Out of Grief, Singing
Memoir of Motherhood and Loss, A
Description
Out of Grief, Singing is an achingly beautiful account of how a woman comes to terms with the loss of her newborn. After a bewildering series of rapid diagnoses and emergency interventions, Charlene's daughter Chloe is born. But her too-brief life is spent in the neonatal intensive care unit, and her mother, leveled by an epidural anaesthetic procedure gone wrong, can barely make it to her daughter's side. In the months following Chloe's death, more medical crises make it nearly impossible to even begin the grieving process, let alone return to any semblance of a normal life.

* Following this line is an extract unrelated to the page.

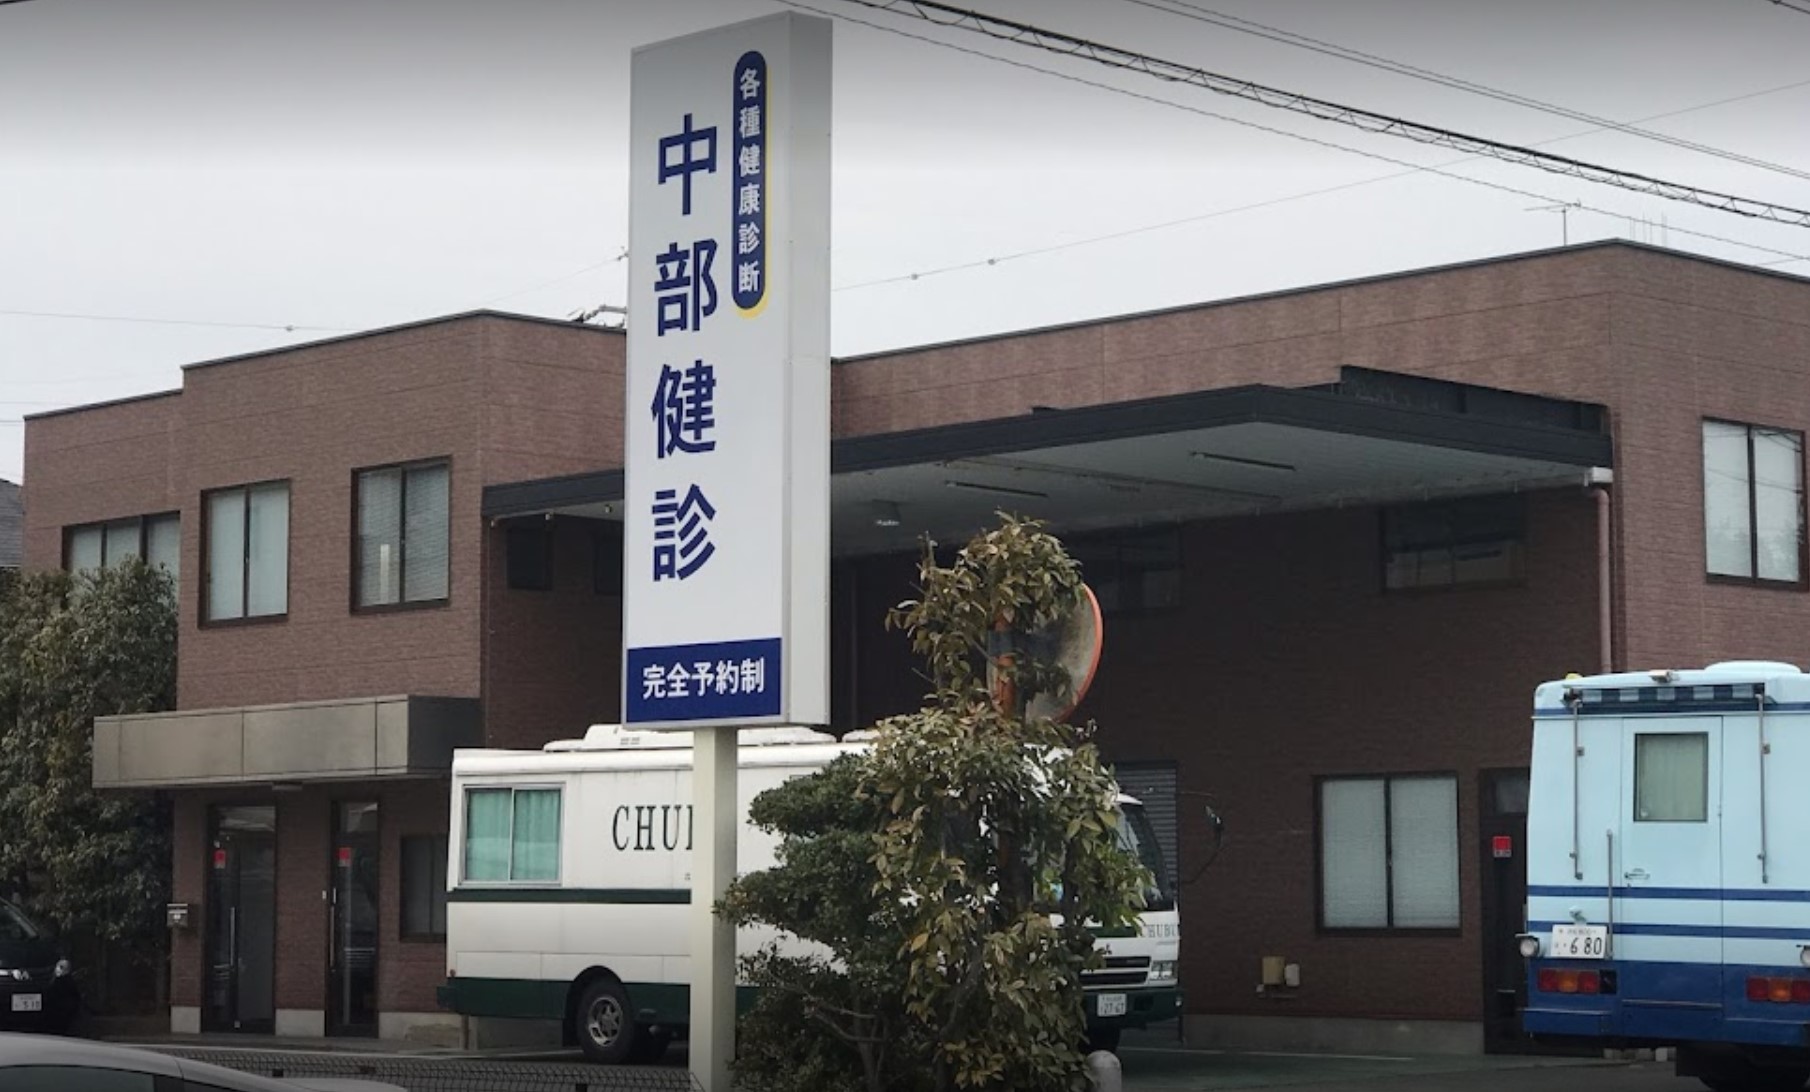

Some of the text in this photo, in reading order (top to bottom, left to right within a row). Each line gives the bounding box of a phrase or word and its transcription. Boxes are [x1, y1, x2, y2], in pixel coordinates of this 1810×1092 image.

[738, 68, 761, 294] 各種健康診断
[651, 113, 718, 582] 中部健診
[642, 656, 765, 700] 完全予約制

But return she does, along a path that is both arduous and rich. With a poet's ear for language, Charlene Diehl shares her discovery of joy amidst a devastating loss.
About this Author
Charlene Diehl is a writer, editor, performer, and director of THIN AIR, the Winnipeg International Writers Festival. She also edits dig! magazine, Winnipeg's bi-monthly jazz publication. She has published essays, poetry, non-fiction, reviews, and interviews in journals across Canada, and has to her credit a scholarly book on Fred Wah as well as a collection of poetry, lamentations, and two chapbooks, mm and The Lover's Handbook. Two excerpts from Out of Grief, Singing, which first appeared in Prairie Fire magazine, won Western Canadian Magazine Gold Awards.